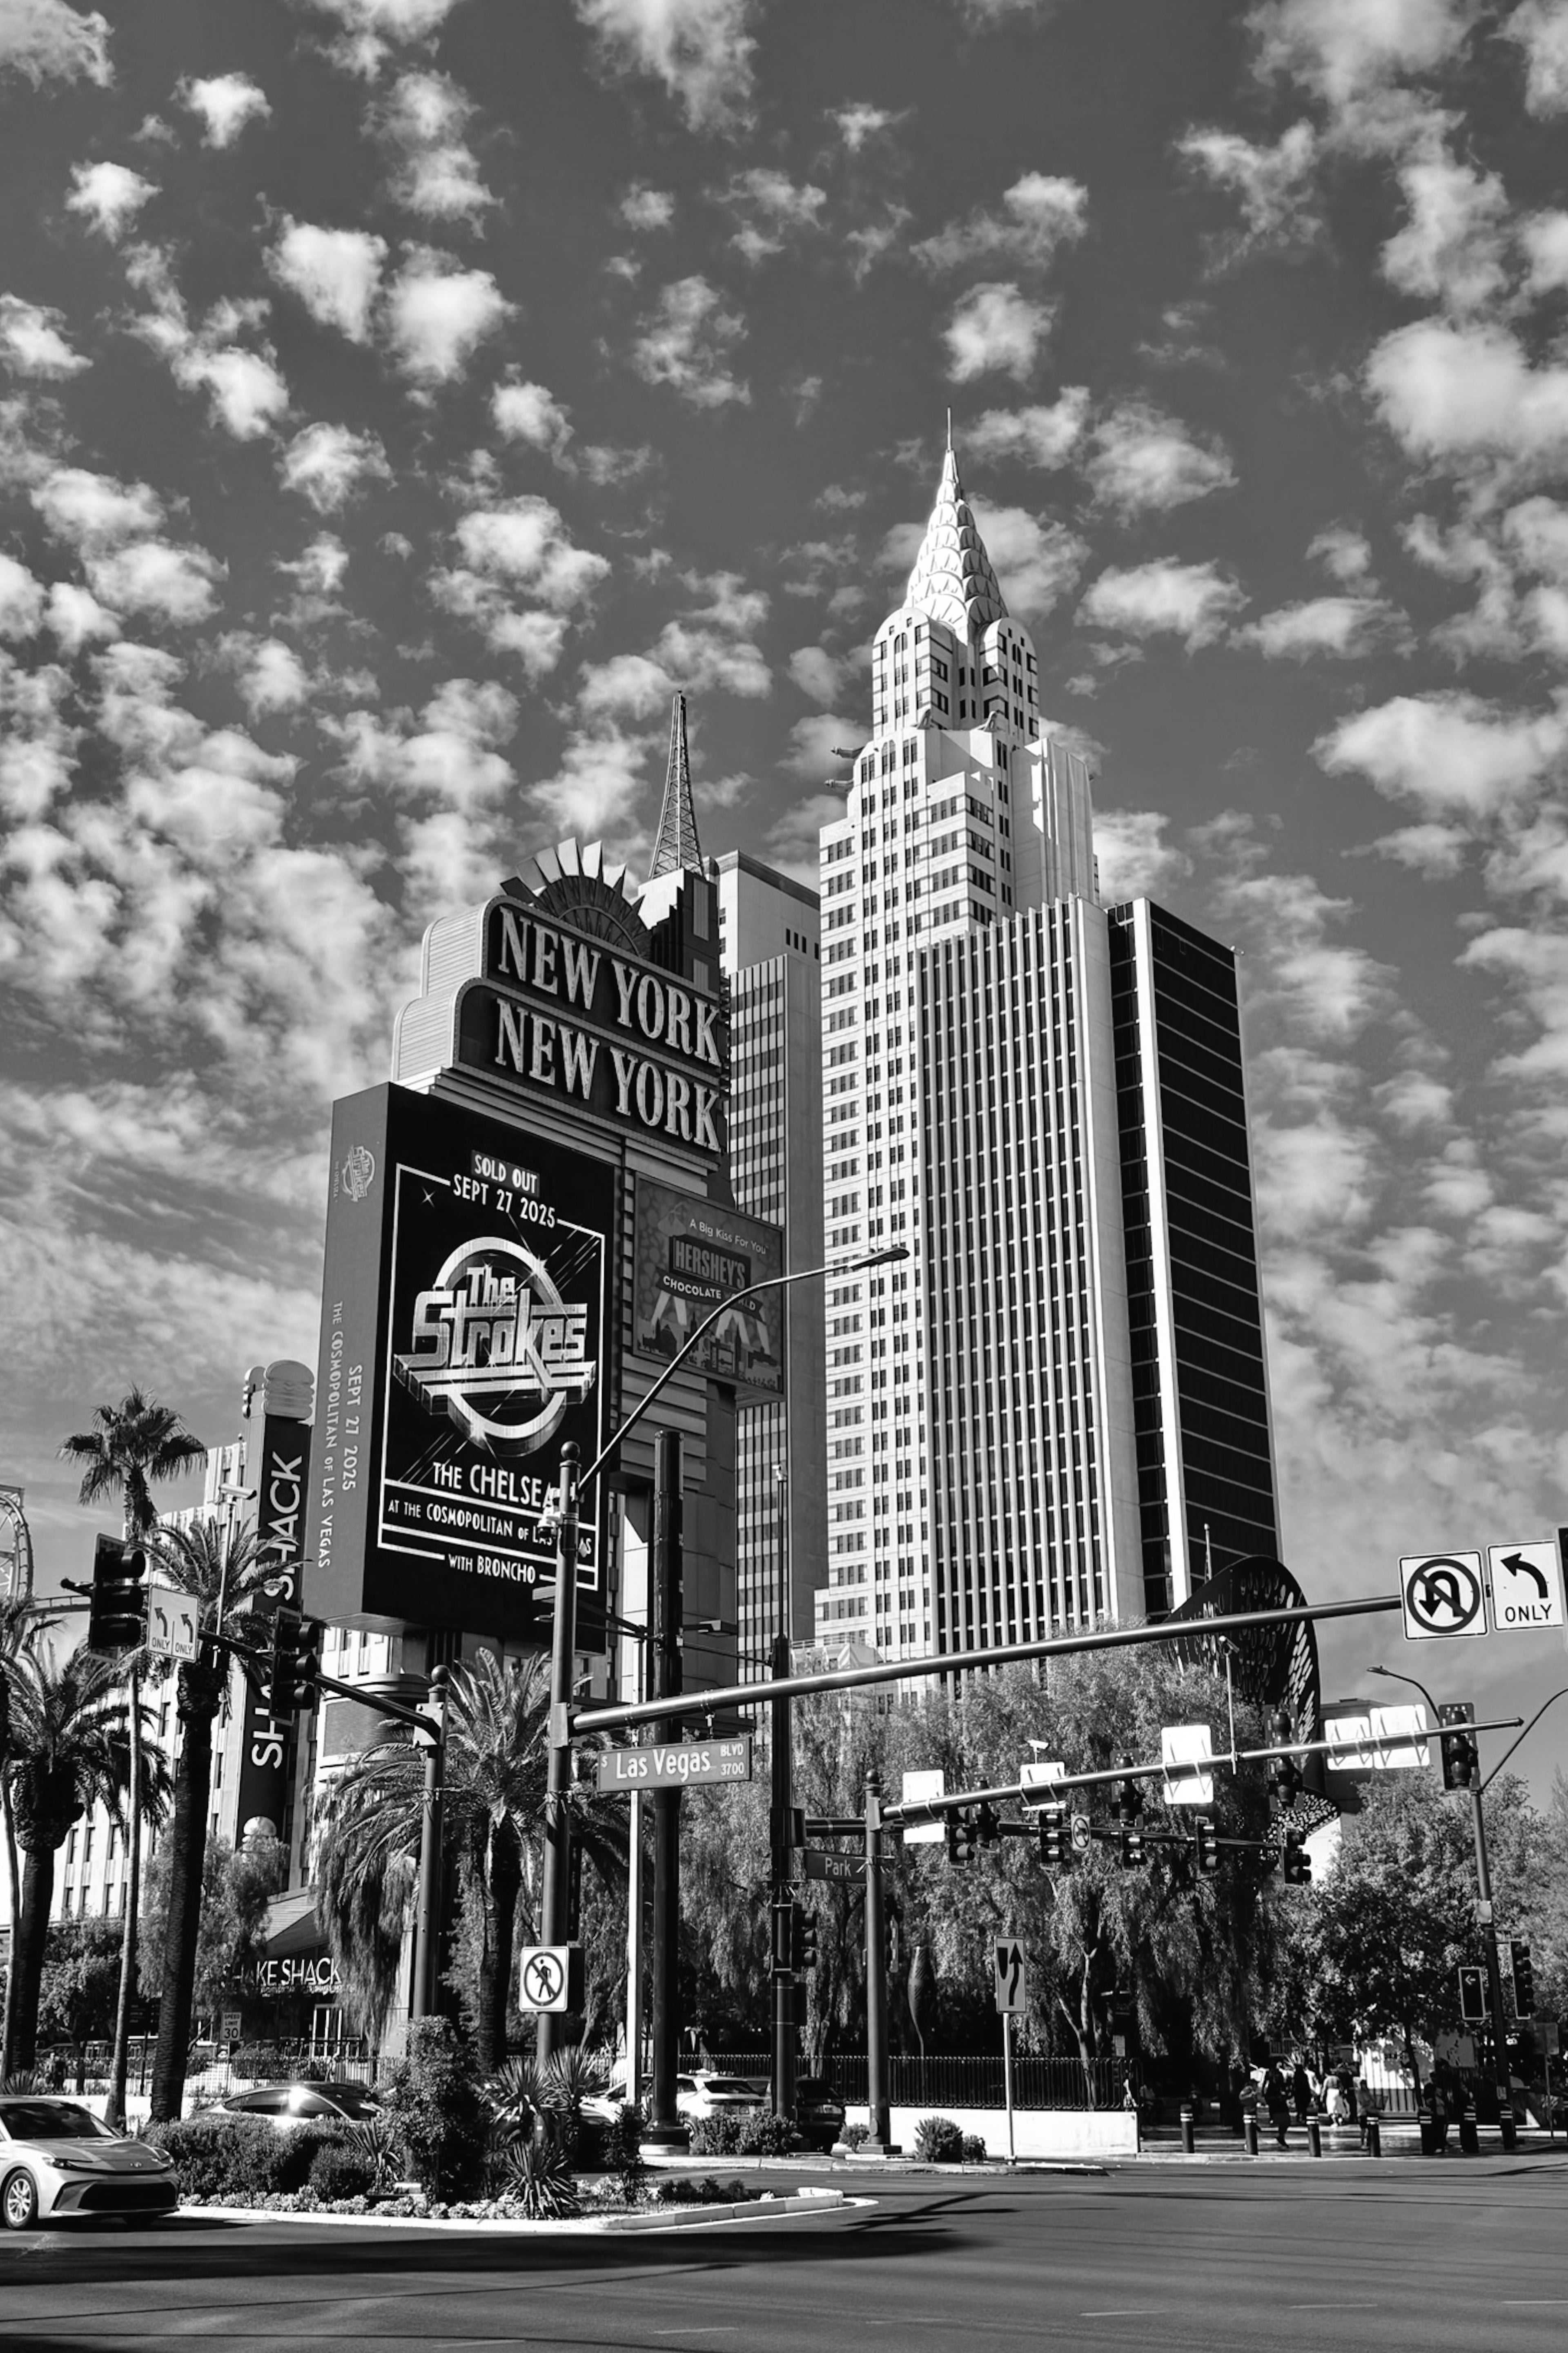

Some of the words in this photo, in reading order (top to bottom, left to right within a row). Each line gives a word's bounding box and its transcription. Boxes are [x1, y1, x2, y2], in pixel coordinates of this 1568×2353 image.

[497, 906, 601, 1010] NEW
[612, 959, 722, 1067] YORK
[494, 997, 600, 1100] NEW
[610, 1046, 721, 1153] YORK
[474, 1154, 506, 1182] SOLD
[512, 1169, 537, 1194] OUT
[453, 1174, 489, 1206] SEPT
[496, 1190, 512, 1213] 27
[520, 1198, 555, 1228] 2025
[689, 1219, 697, 1229] A
[699, 1222, 713, 1237] Big
[716, 1228, 733, 1242] Kiss
[735, 1235, 748, 1248] For
[675, 1239, 745, 1290] HERSHEY'S
[467, 1265, 516, 1307] The
[663, 1275, 722, 1300] CHOCOLATE
[332, 1301, 343, 1325] THE
[394, 1288, 588, 1368] Strokes
[325, 1331, 343, 1448] COSMOPOLITAN
[347, 1364, 363, 1405] SEPT
[345, 1415, 360, 1435] 27
[324, 1456, 333, 1471] OF
[342, 1446, 359, 1490] 2025
[321, 1476, 334, 1508] LAS
[433, 1462, 462, 1489] THE
[469, 1465, 555, 1508] CHELSEA
[263, 1451, 303, 1600] SHACK
[388, 1499, 402, 1512] AT
[404, 1503, 421, 1519] THE
[426, 1504, 513, 1537] COSMOPOLITAN
[518, 1528, 529, 1540] OF
[318, 1515, 333, 1568] VEGAS
[448, 1554, 473, 1572] WITH
[477, 1555, 536, 1584] BRONCHO
[1505, 1604, 1552, 1622] ONLY
[152, 1637, 170, 1650] ONLY
[175, 1642, 193, 1655] ONLY
[601, 1755, 608, 1768] S
[616, 1753, 648, 1779] Las
[653, 1749, 710, 1782] Vegas
[720, 1744, 744, 1757] BLVD
[721, 1762, 744, 1776] 3700
[825, 1857, 852, 1877] Park
[281, 1957, 342, 1986] SHACK
[224, 2028, 238, 2039] 30

══════

■ Work request ■
Lines that contain the string "COSMOPOLITAN" should be copied from the material above.

■ Solution for this problem ■
[325, 1331, 343, 1448] COSMOPOLITAN
[426, 1504, 513, 1537] COSMOPOLITAN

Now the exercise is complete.